Adding the angiogenesis inhibitor bevacizumab to standard cisplatin/pemetrexed chemotherapy prolongs survival by more than 2 months among patients with malignant pleural mesothelioma (MPM), according to authors of the randomized multicenter phase III MAPS (Mesothelioma Avastin Cisplatin Pemetrexed Study) clinical trial in France. The findings were presented at the 2015 World Conference on Lung Cancer in Denver, Colorado (abstract ORAL 11.01).
Median overall survival (OS) was 18.8 months among patients in the bevacizumab group vs 16.1 months in the standard chemotherapy group, reported lead study author Arnaud Scherpereel, MD, PhD, clinical director of the Pneumo-Immuno-Allergy Service and professor at the University Hospital of Lille, France.
The study found that bevacizumab was associated with “only a slight, manageable increase in toxicity…making this triplet a new treatment paradigm for MPM patients who are eligible for bevacizumab and not candidates for ‘curative’ surgery,” he said.
“These are very exciting data and I hope it becomes the standard of care,” commented Philip Bonomi, MD, professor of medical oncology at Rush University Medical Center in Chicago, Illinois.
A total of 448 patients were enrolled in the study at 73 cancer centers between 2008 and 2014. Participants were randomly assigned 1:1 to receive standard cisplatin/pemetrexed chemotherapy either with or without bevacizumab (15 mg/kg every 21 days for 6 cycles). Eligibility criteria included unresectable, histologically confirmed MPM, age younger than 76 years, no prior chemotherapy, performance status 0–2, and no thrombosis or bleeding.
The adjusted hazard ratio (HR) for the OS difference between study groups was 0.76 (95% confidence interval [CI], 0.61–0.94; P = .012), Dr. Scherpereel reported. Bevacizumab was also associated with improved progression-free survival (median PFS, 9.6 months vs 7.5 months; adjusted HR, 0.62 [95% CI, 0.50–0.75]; P < .0001).
Grade 3/4 hematological toxicities were similar between the study arms (49.5% in the bevacizumab group vs 47.3%), but bevacizumab was associated with grade 3 proteinuria and hypertension (3.1% and 23%, respectively), neither of which occurred in patients receiving only standard chemotherapy, Dr.
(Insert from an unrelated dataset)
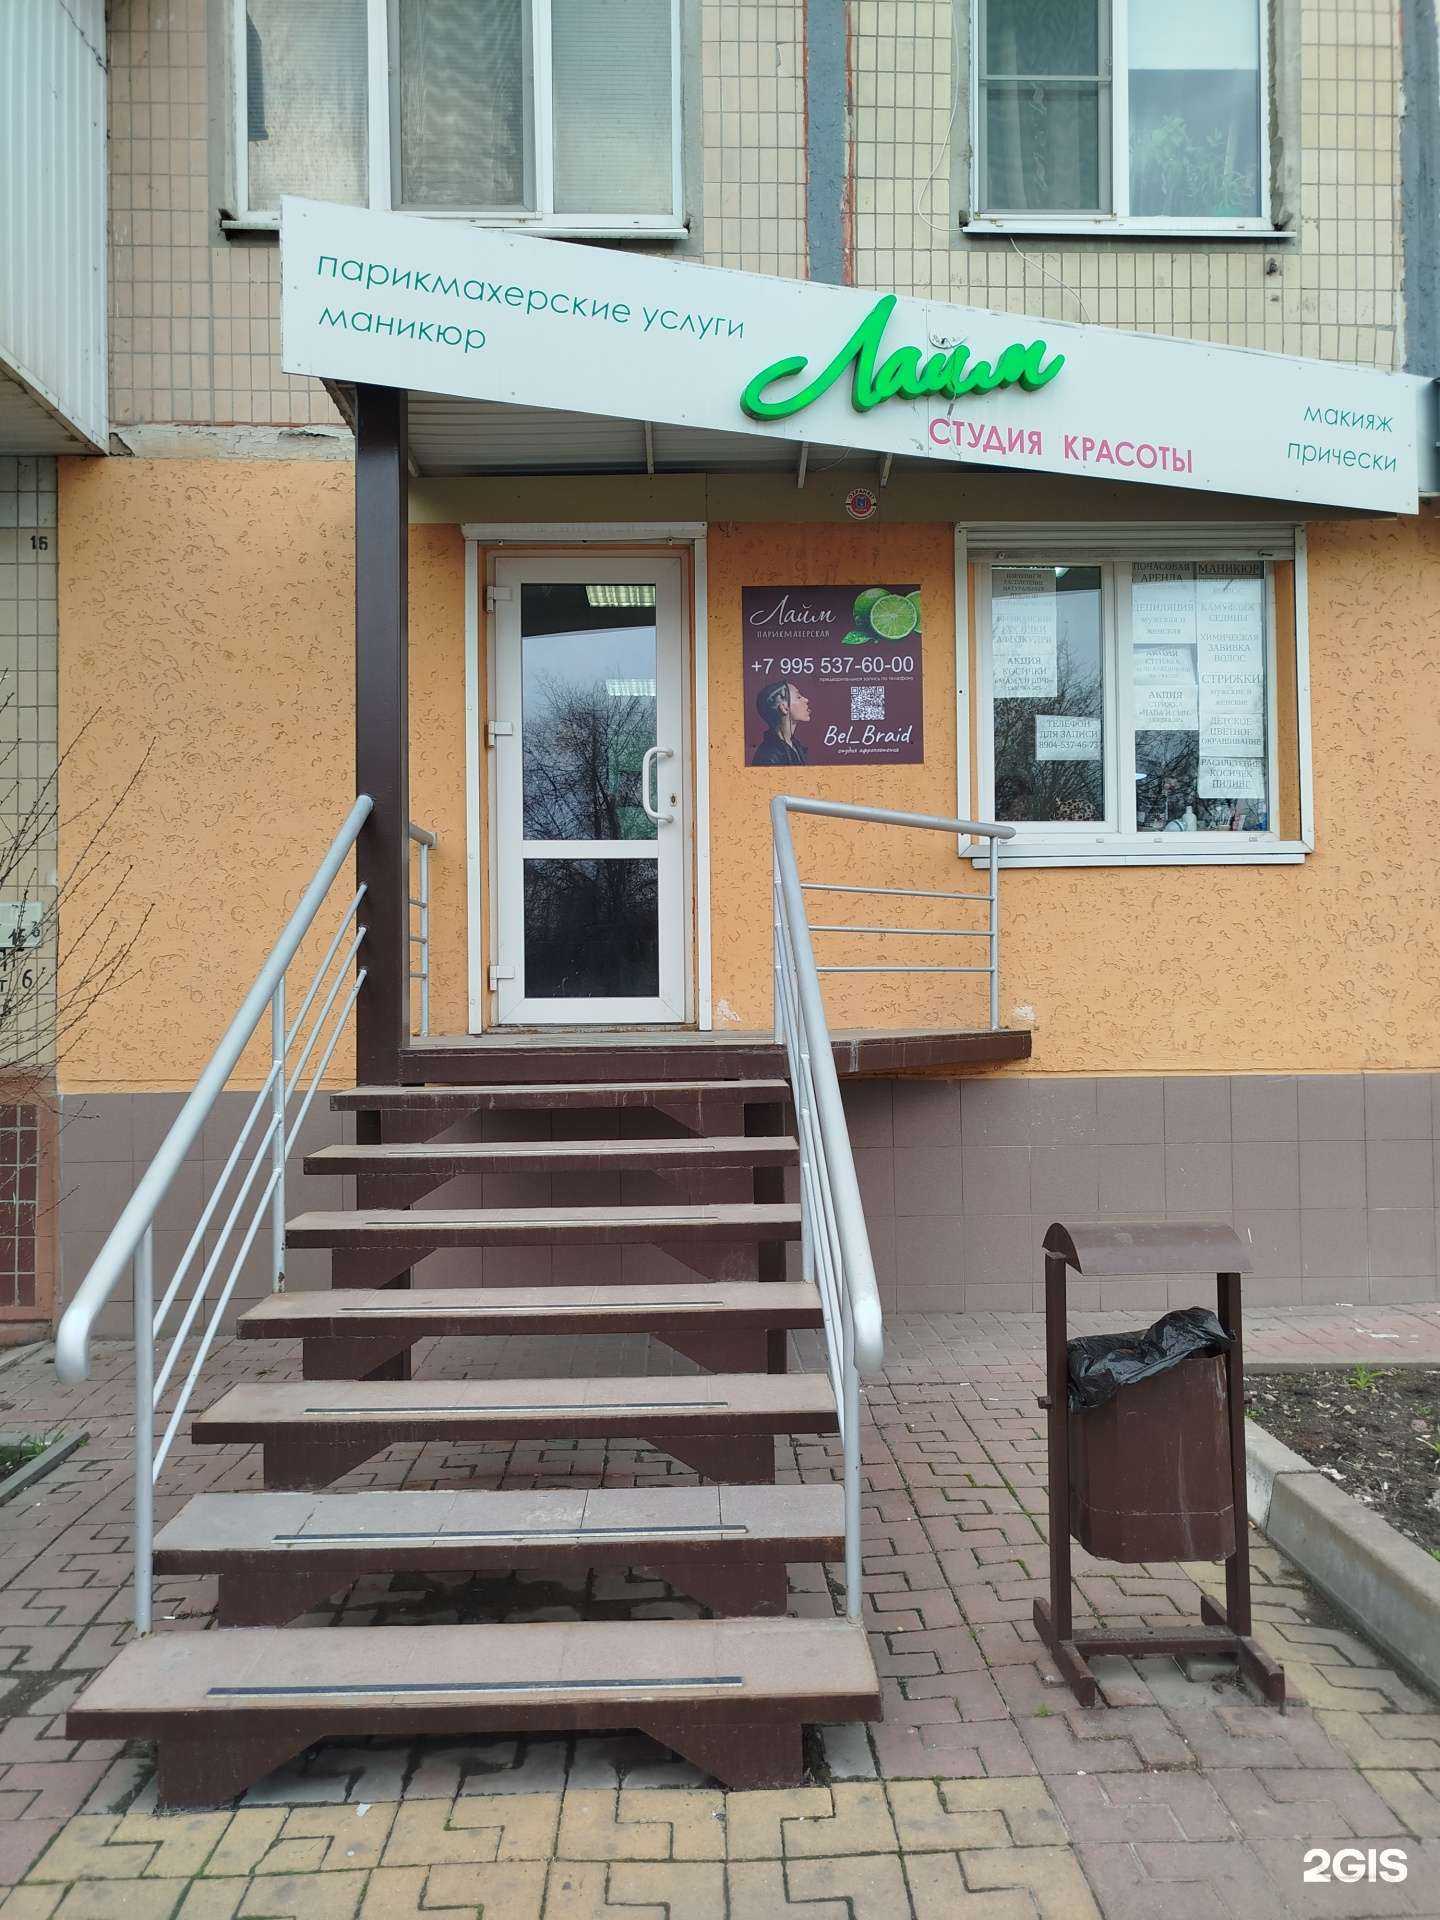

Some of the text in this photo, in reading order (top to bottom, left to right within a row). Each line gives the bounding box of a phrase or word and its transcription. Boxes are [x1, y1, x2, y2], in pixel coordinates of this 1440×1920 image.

Scherpereel noted. Bevacizumab was also associated with more grade 3/4 arterial thrombotic events than standard chemotherapy alone (2.7% vs 0%).
“Bevacizumab did not show a detrimental effect on quality of life, despite its higher specific non-hematological toxicity,” he said.
Pleural mesothelioma can cause chest pain under the rib cage, dyspnea, painful coughing, and unexplained weight loss. Median overall survival with standard platinum/pemetrexed doublet therapy has previously been found not to exceed 13 months, “with virtually no surviving patients at 5 years,” Dr. Scherpereel noted.
Both study groups in the MAPS trial had longer OS times than previous studies, he cautioned. “But this was true for both arms and still, bevacizumab did better,” he said.